In der Welt des dezentralen Federated Learning (DFL) stellen heterogene Agenten, die unterschiedliche Modalitäten und Modelle besitzen, ein großes Problem dar: Sie müssen ohne zentralen Koordinator über Peer‑to‑Peer‑Netzwerke zusammenarbeiten. Traditionelle multimodale Pipelines erzeugen dabei eine einzige, gemeinsame Einbettung, die zu Gradientenkonflikten zwischen ein‑ und multimodalen Agenten führt und die Interaktion zwischen Modalen stark einschränkt.

Der neue Ansatz PARSE löst dieses Dilemma, indem er Partial Information Decomposition (PID) in einer server‑freien Umgebung einsetzt. Jeder Agent zerlegt seine latente Repräsentation in redundante, einzigartige und synergistische Slices. Durch slice‑level Partial Alignment tauschen Agenten nur die semantisch austauschbaren Teile aus, die sie gemeinsam besitzen. So wird die Notwendigkeit für zentrale Koordination und Gradient Surgery eliminiert.

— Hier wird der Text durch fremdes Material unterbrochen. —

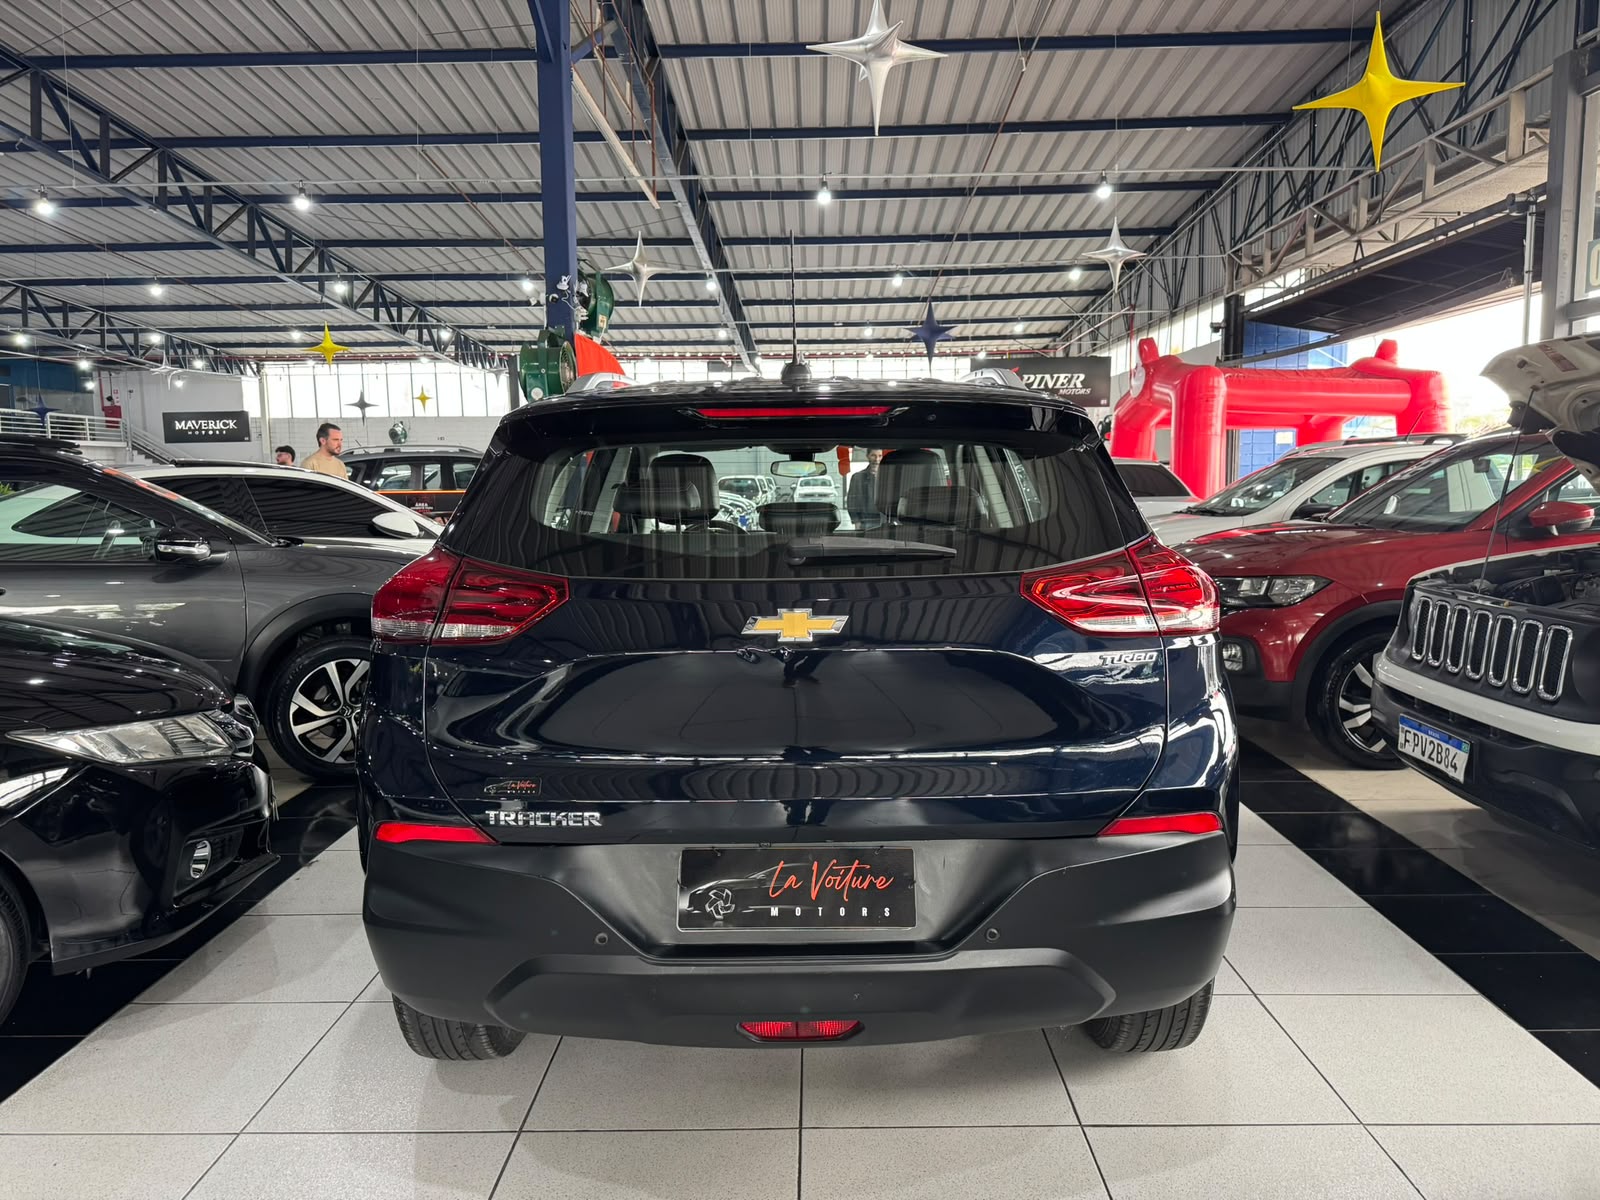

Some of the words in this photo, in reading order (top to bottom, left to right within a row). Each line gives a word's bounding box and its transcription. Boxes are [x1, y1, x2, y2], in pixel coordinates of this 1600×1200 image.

[175, 420, 237, 430] MAVERICK
[1100, 651, 1158, 667] TURBO
[1403, 729, 1458, 774] FPV2B84
[485, 810, 603, 827] TRACKER
[768, 860, 803, 898] La
[810, 859, 894, 902] Voiture
[770, 906, 891, 917] MOTORS
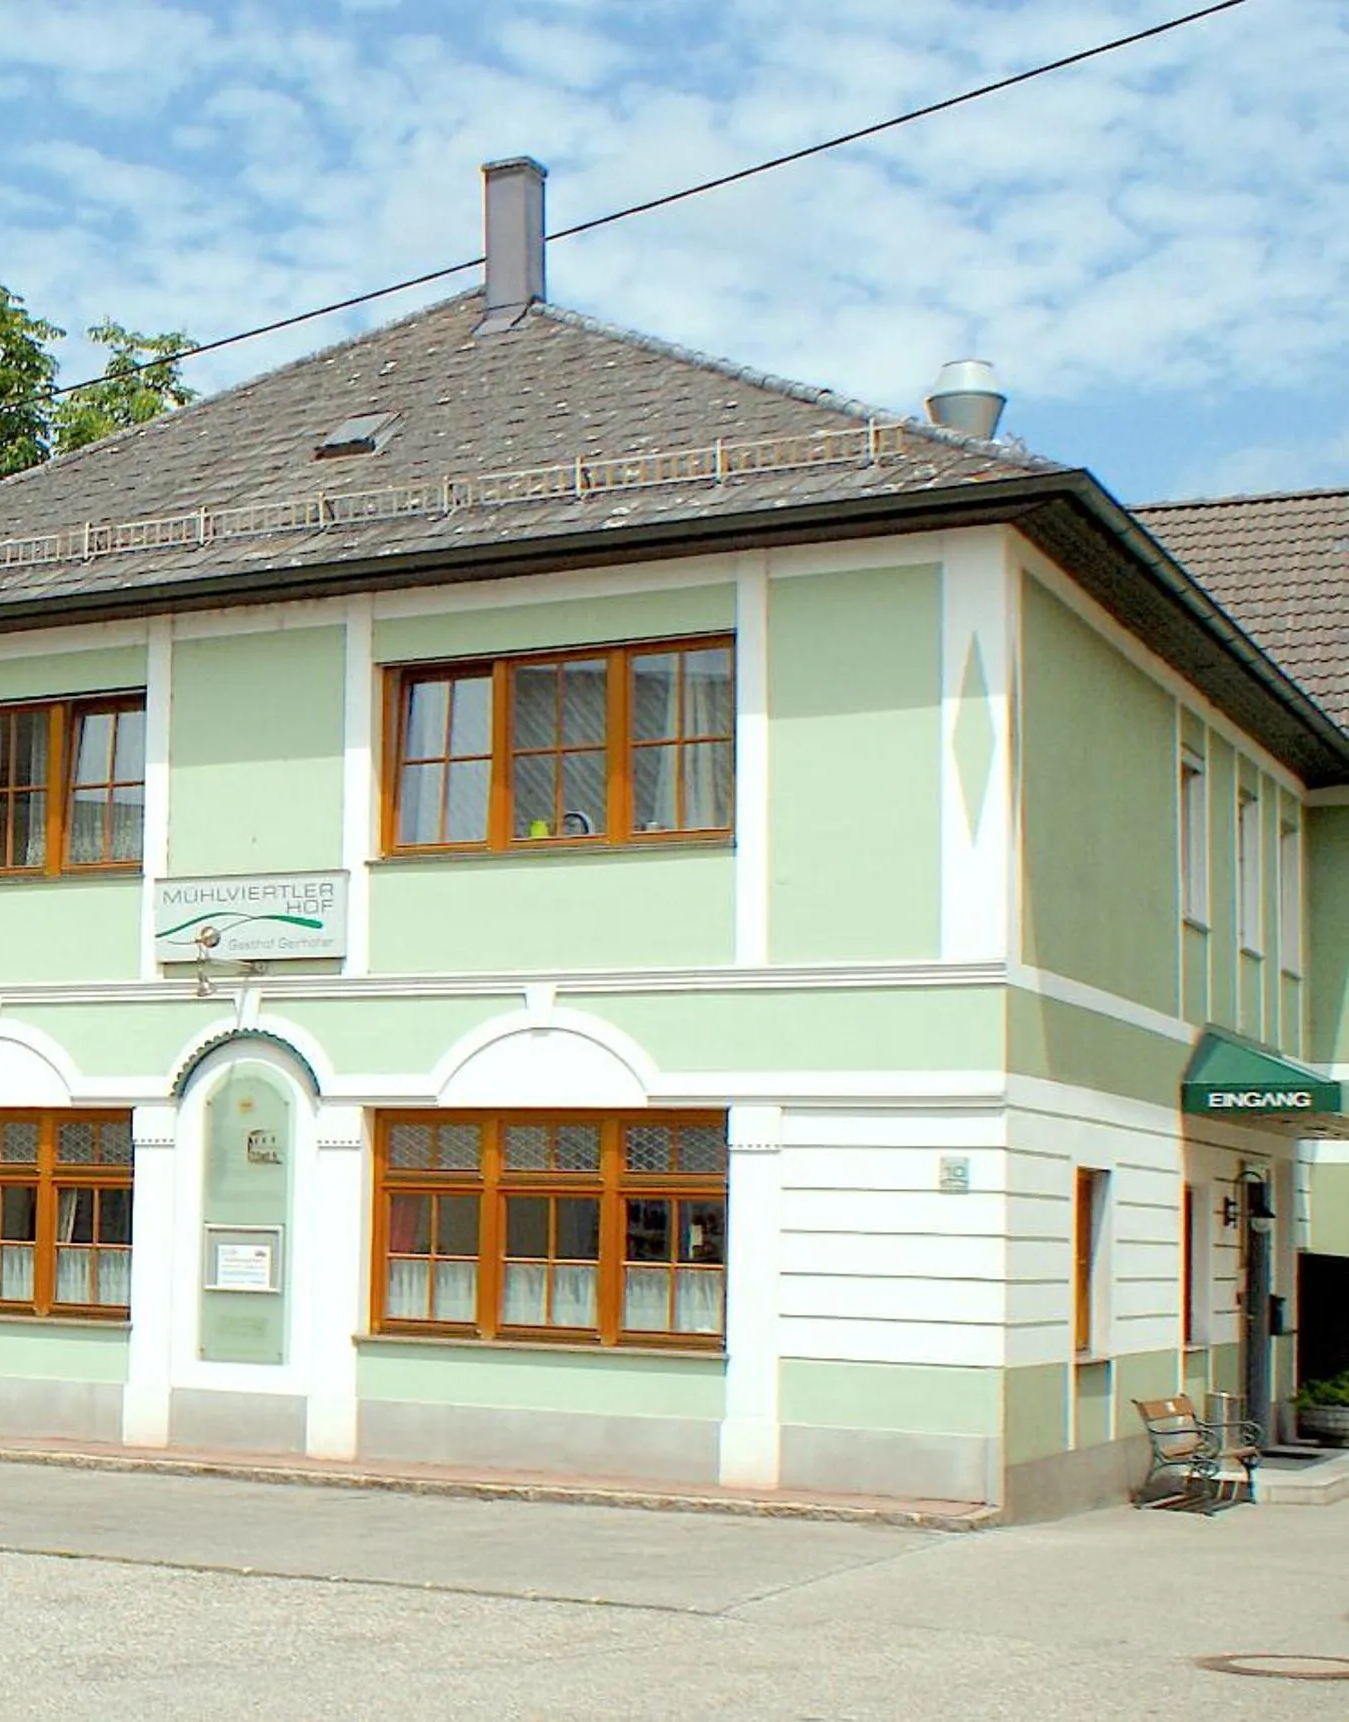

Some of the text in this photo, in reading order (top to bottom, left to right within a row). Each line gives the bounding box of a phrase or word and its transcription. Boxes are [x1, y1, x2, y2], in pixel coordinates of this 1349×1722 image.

[162, 883, 334, 904] MÜHLVIERTLER
[286, 899, 334, 914] HOF
[1208, 1091, 1312, 1107] EINGANG

Tests an verschiedenen Benchmarks und Agentenmischungen zeigen, dass PARSE konsequente Verbesserungen gegenüber herkömmlichen DFL‑Baselines erzielt – sowohl bei Aufgaben‑, Modalitäts‑ als auch bei Hybrid‑Sharing‑Modellen. Ablationsstudien zu Fusion‑Operatoren und Split‑Raten sowie qualitative Visualisierungen unterstreichen die Effizienz und Robustheit des neuen Designs.